_Exercise instructions_
Each line of the records that follow must come back exactly, with pictures skipped.

_Records for processing_
┄┄┄┄┄┄┄┄┄┄┄┄┄┄┄┄┄┄┄┄
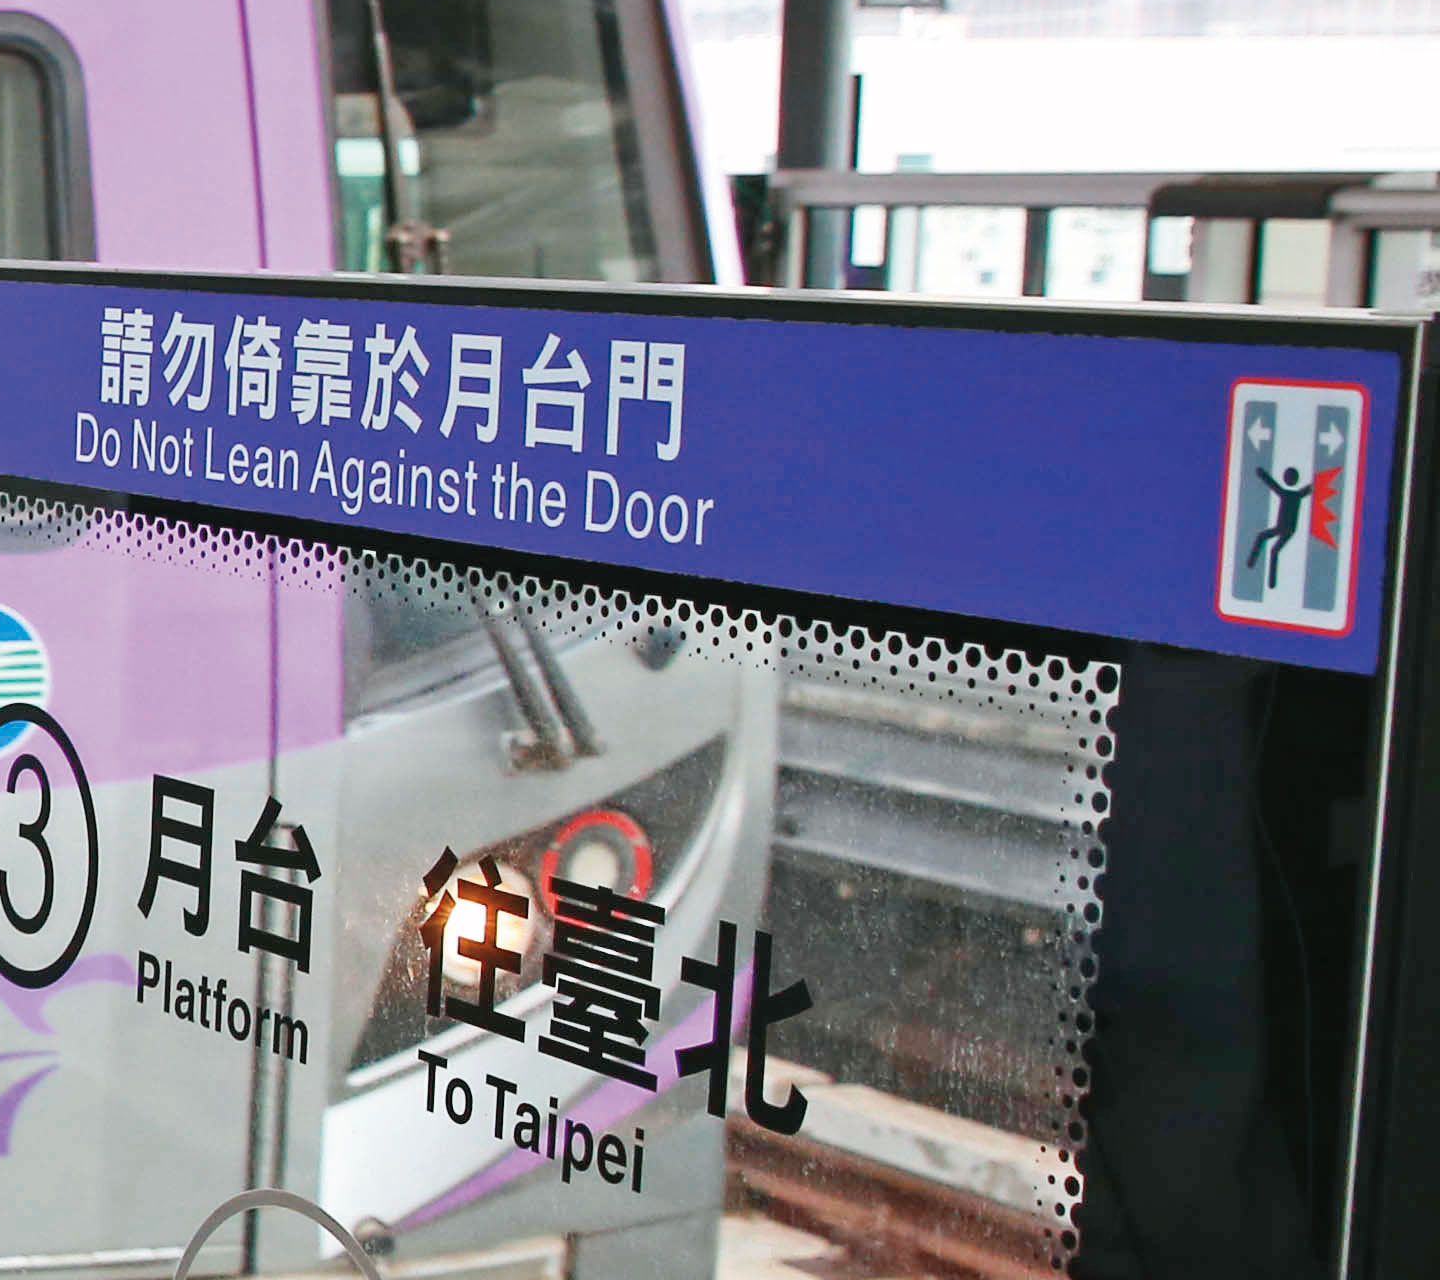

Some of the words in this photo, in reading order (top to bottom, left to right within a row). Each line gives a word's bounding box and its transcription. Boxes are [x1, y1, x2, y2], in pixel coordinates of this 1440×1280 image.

[99, 307, 685, 461] 請勿倚靠於月台門
[75, 412, 120, 468] Do
[132, 420, 193, 480] Not
[205, 427, 299, 491] Lean
[310, 439, 477, 515] Against
[492, 457, 566, 528] the
[585, 469, 715, 546] Door
[137, 774, 322, 974] 月台
[137, 950, 308, 1065] Platform
[419, 846, 814, 1136] 往臺北
[418, 1049, 473, 1125] To
[486, 1074, 645, 1194] Taipei
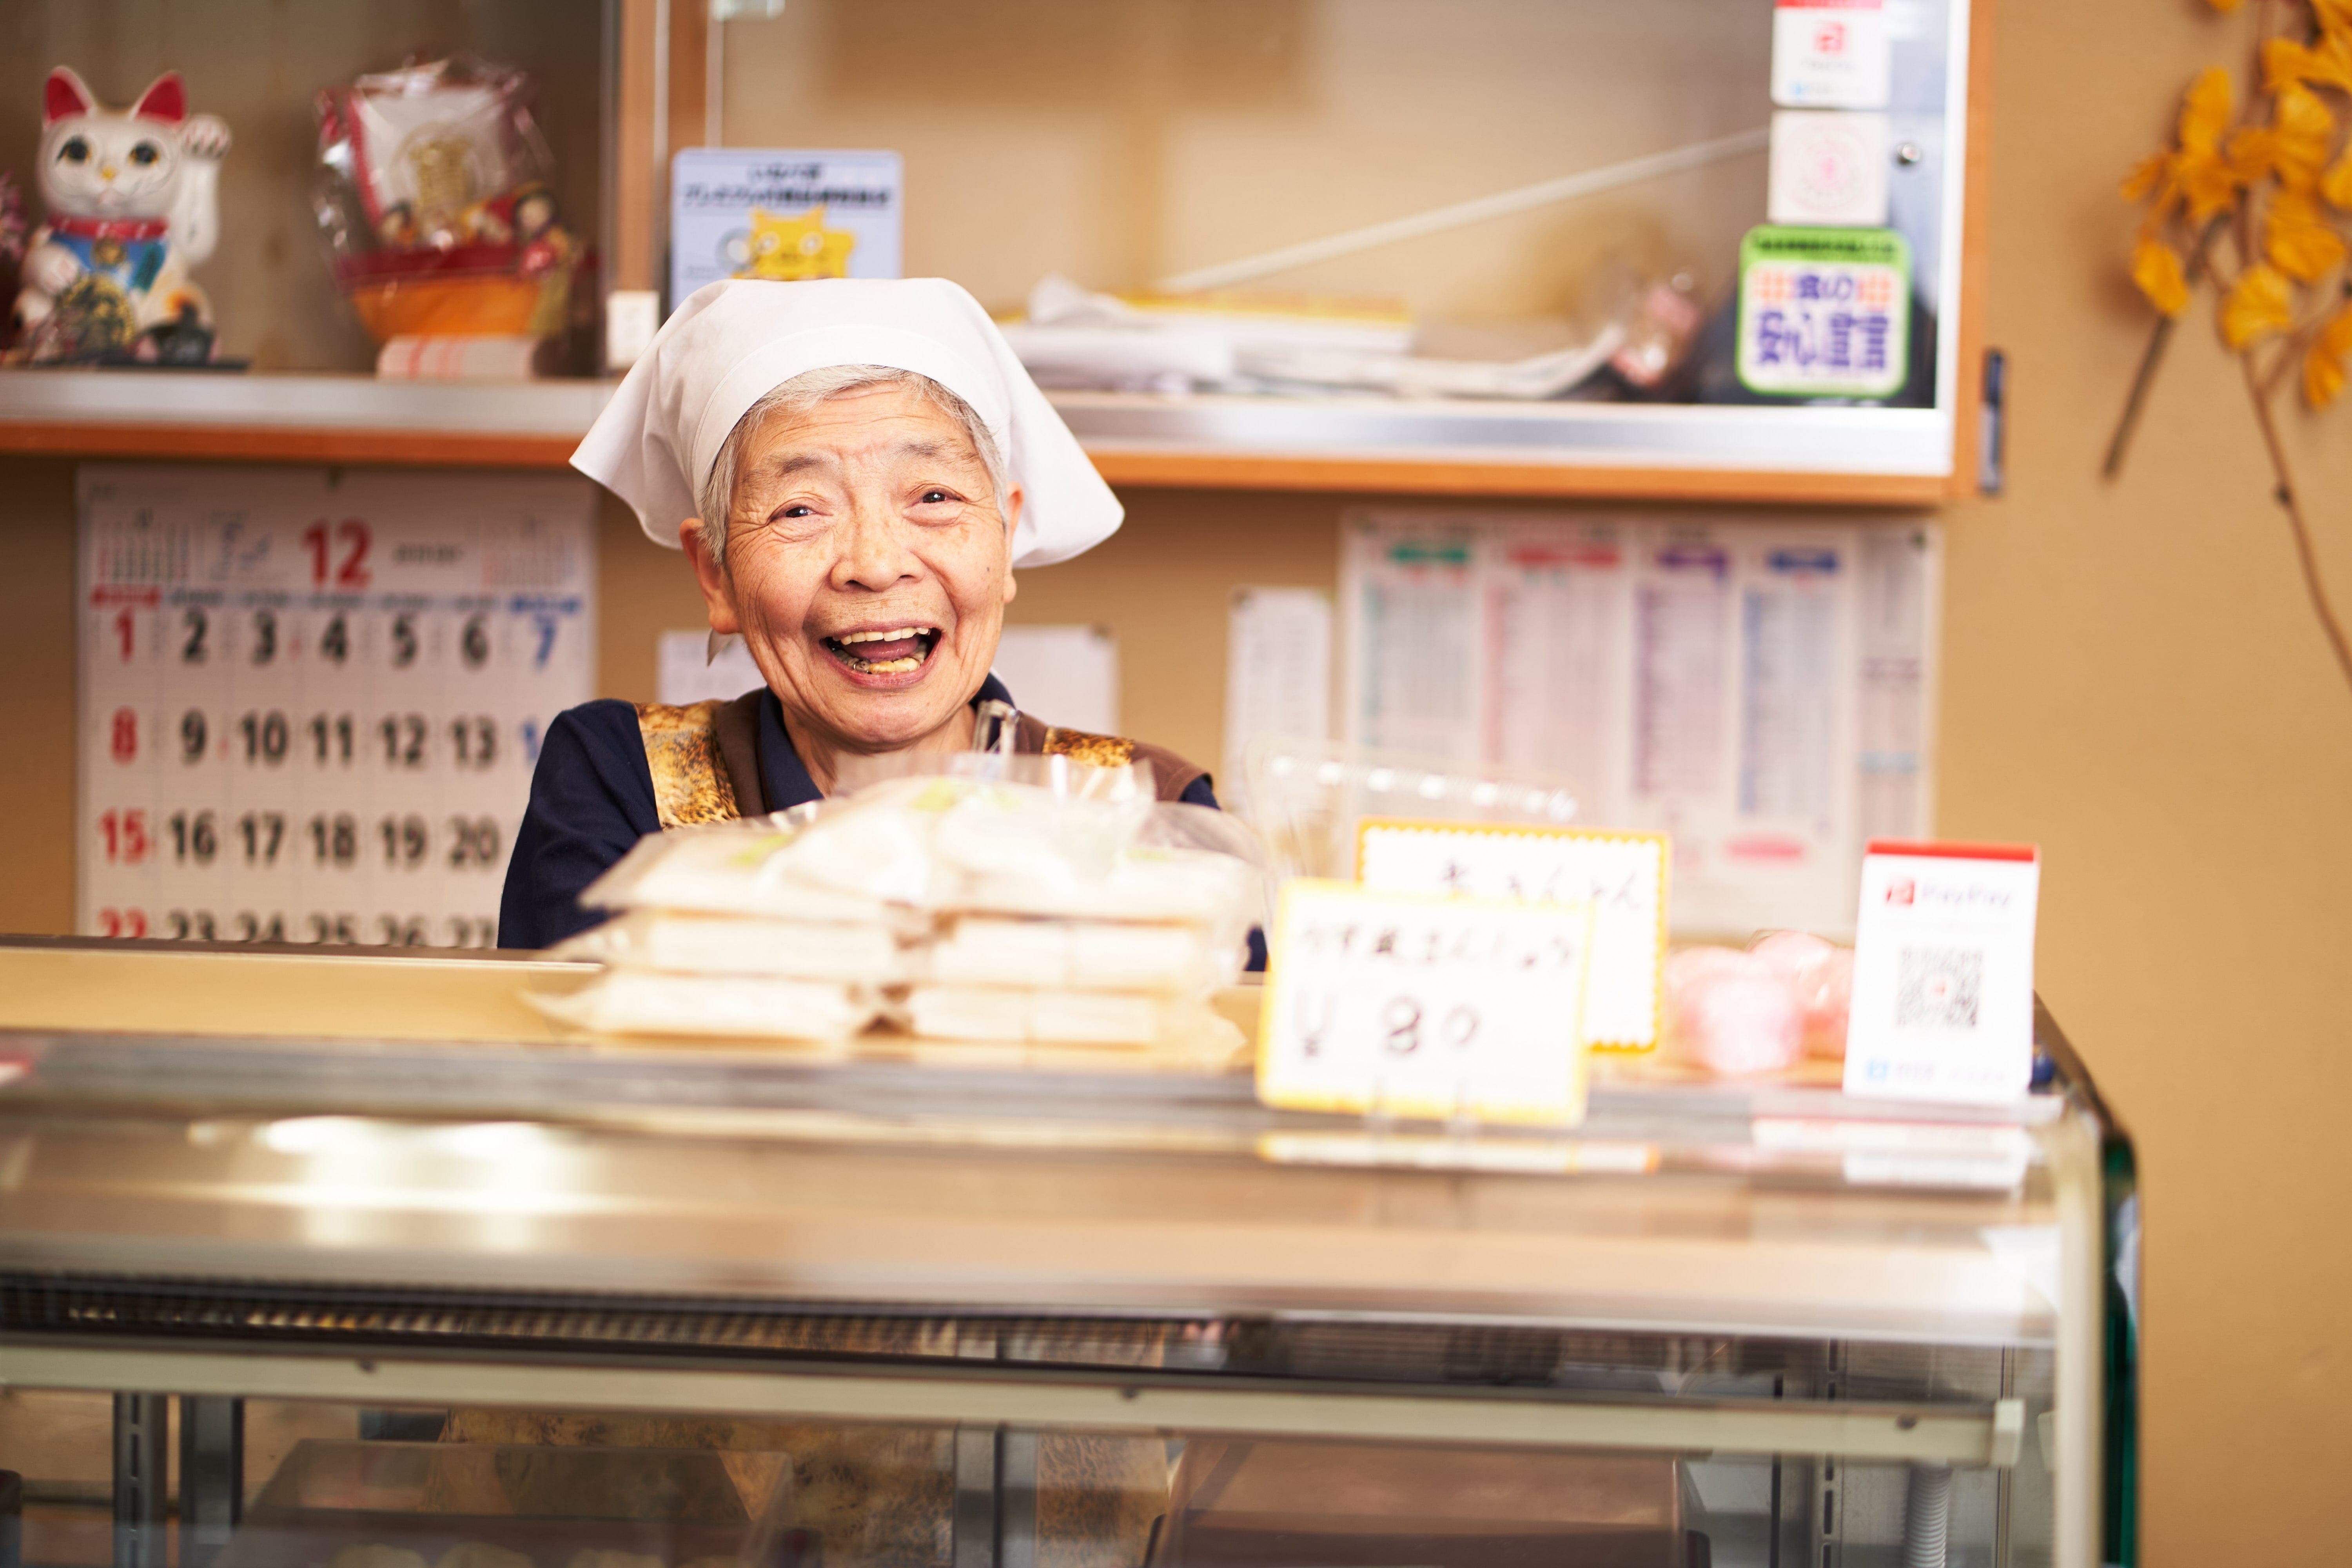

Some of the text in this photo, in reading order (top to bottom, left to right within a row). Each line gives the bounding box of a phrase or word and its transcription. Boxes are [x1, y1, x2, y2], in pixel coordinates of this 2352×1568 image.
┄┄┄┄┄┄┄┄┄┄┄┄┄┄┄┄┄┄┄┄
_Answer box_
Some of the words in this photo, in reading order (top to bottom, left to right within a row). Each line gives a word's bounding box and its transcription. Boxes are [x1, y1, x2, y2], in pixel coordinates of this 1440×1280 image.

[99, 307, 685, 461] 請勿倚靠於月台門
[75, 412, 120, 468] Do
[132, 420, 193, 480] Not
[205, 427, 299, 491] Lean
[310, 439, 477, 515] Against
[492, 457, 566, 528] the
[585, 469, 715, 546] Door
[137, 774, 322, 974] 月台
[137, 950, 308, 1065] Platform
[419, 846, 814, 1136] 往臺北
[418, 1049, 473, 1125] To
[486, 1074, 645, 1194] Taipei

Some of the text in this photo, in reading order (top to bottom, left to right within a row). Each line gives the bounding box of a phrase or word and its transcription. Boxes are [x1, y1, x2, y2], in pixel coordinates of this 2352×1568 image.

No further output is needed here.